> Assignment: Only an exact copy of the entries, stripped of pictures, will serve as the answer.

Top of Records for the task

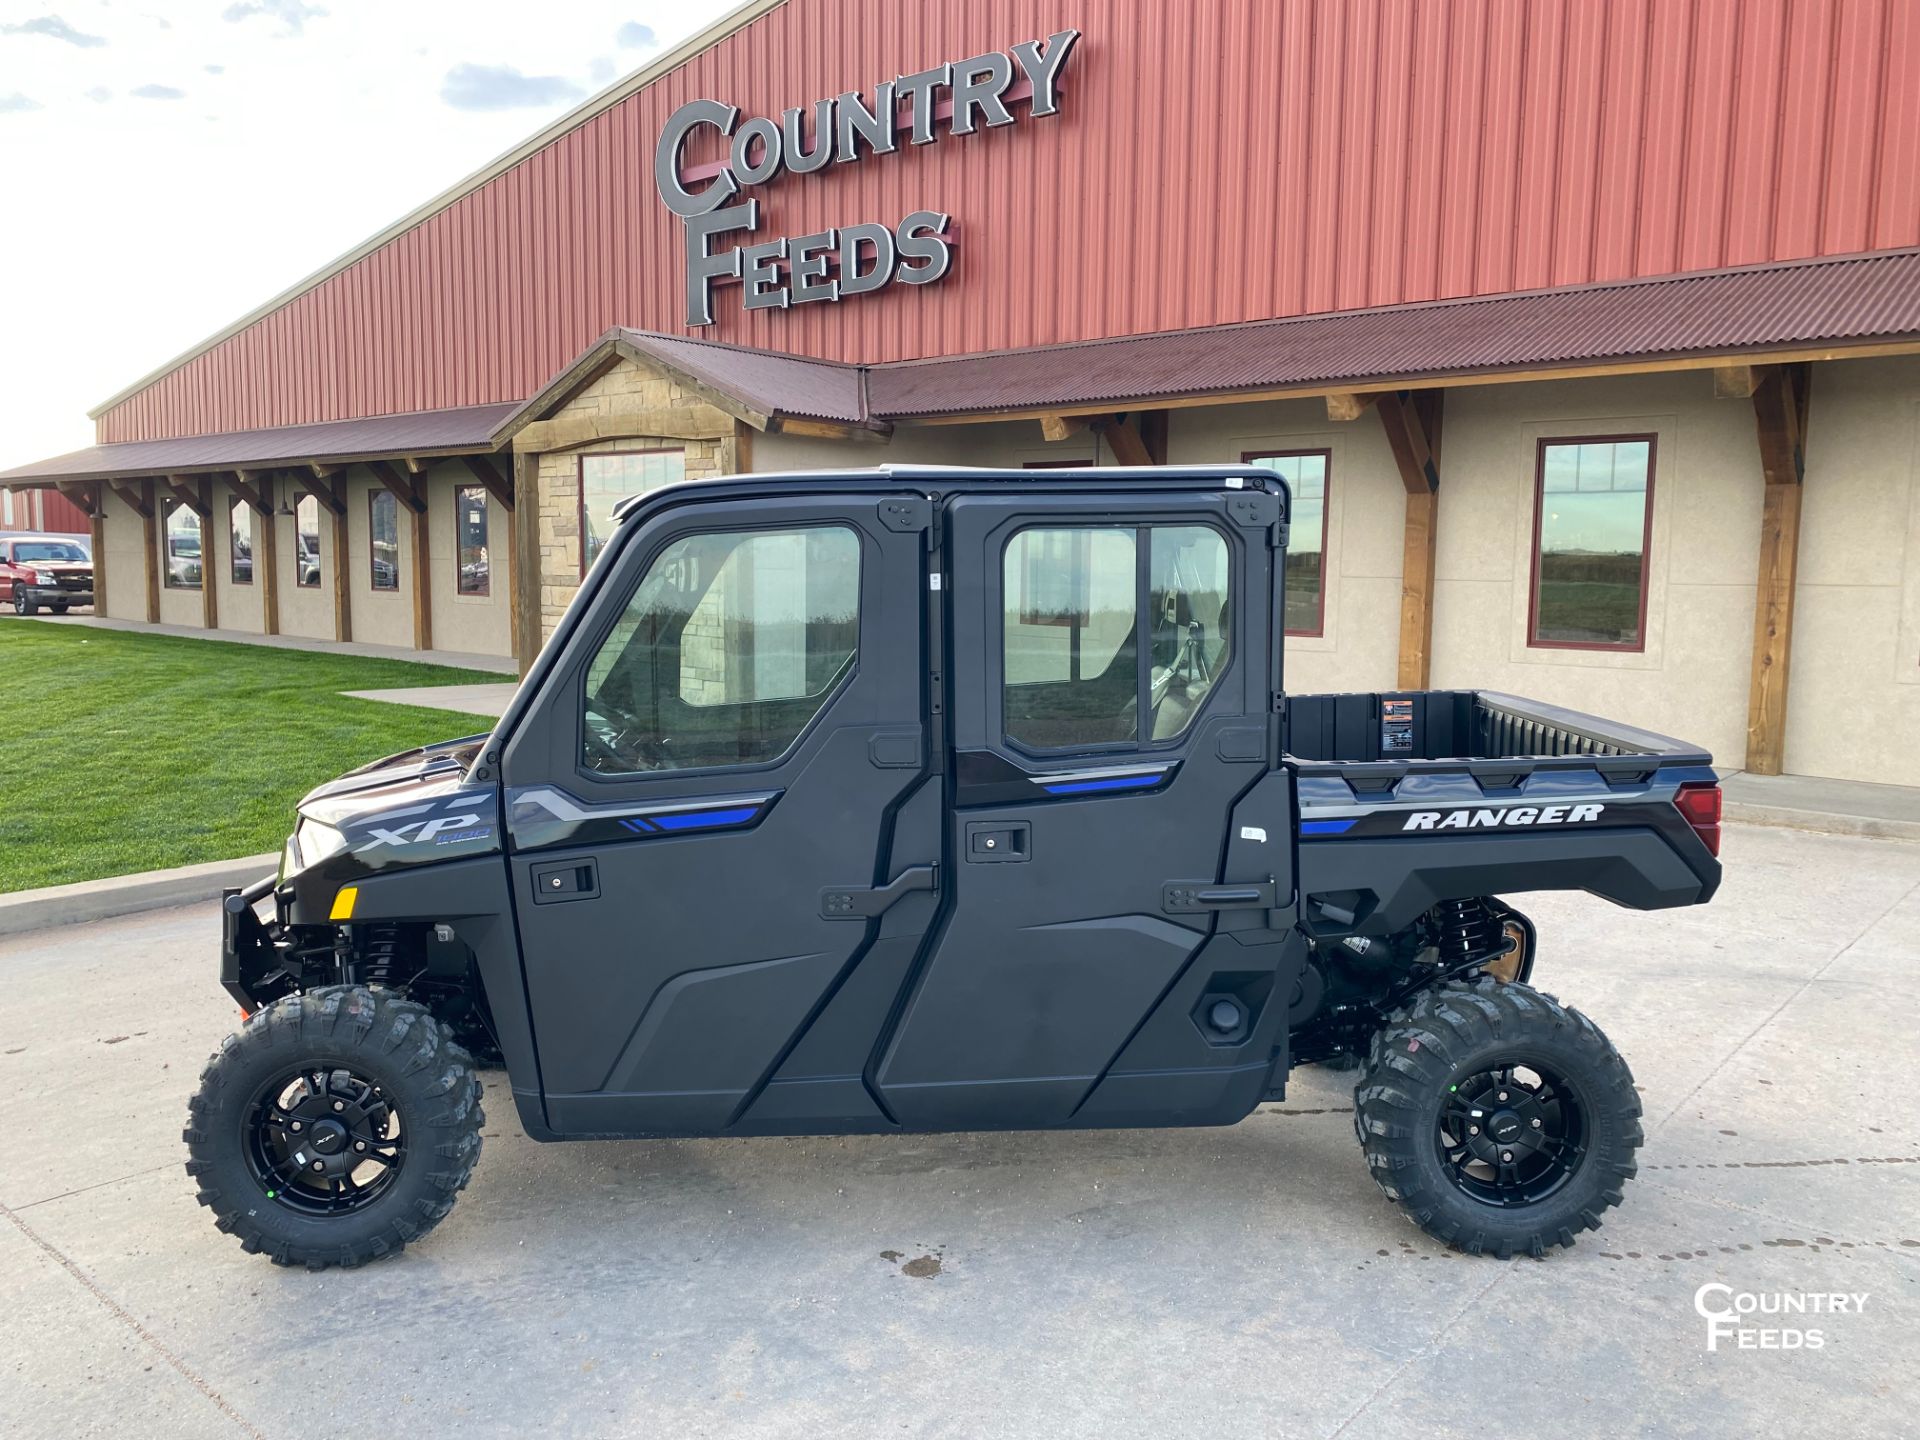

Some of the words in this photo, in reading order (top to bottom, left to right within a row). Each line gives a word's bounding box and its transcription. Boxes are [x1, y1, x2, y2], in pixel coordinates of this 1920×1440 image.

[655, 29, 1081, 217] COUNTRY
[684, 198, 953, 327] FEEDS
[353, 813, 481, 853] XP
[1402, 804, 1605, 831] RANGER

Bottom of Records for the task

> Reply:
Some of the words in this photo, in reading order (top to bottom, left to right within a row). Each line gives a word's bounding box and its transcription. Boxes are [x1, y1, x2, y2], in pixel coordinates of this 1920×1440 image.

[655, 29, 1081, 217] COUNTRY
[684, 198, 953, 327] FEEDS
[353, 813, 481, 853] XP
[1402, 804, 1605, 831] RANGER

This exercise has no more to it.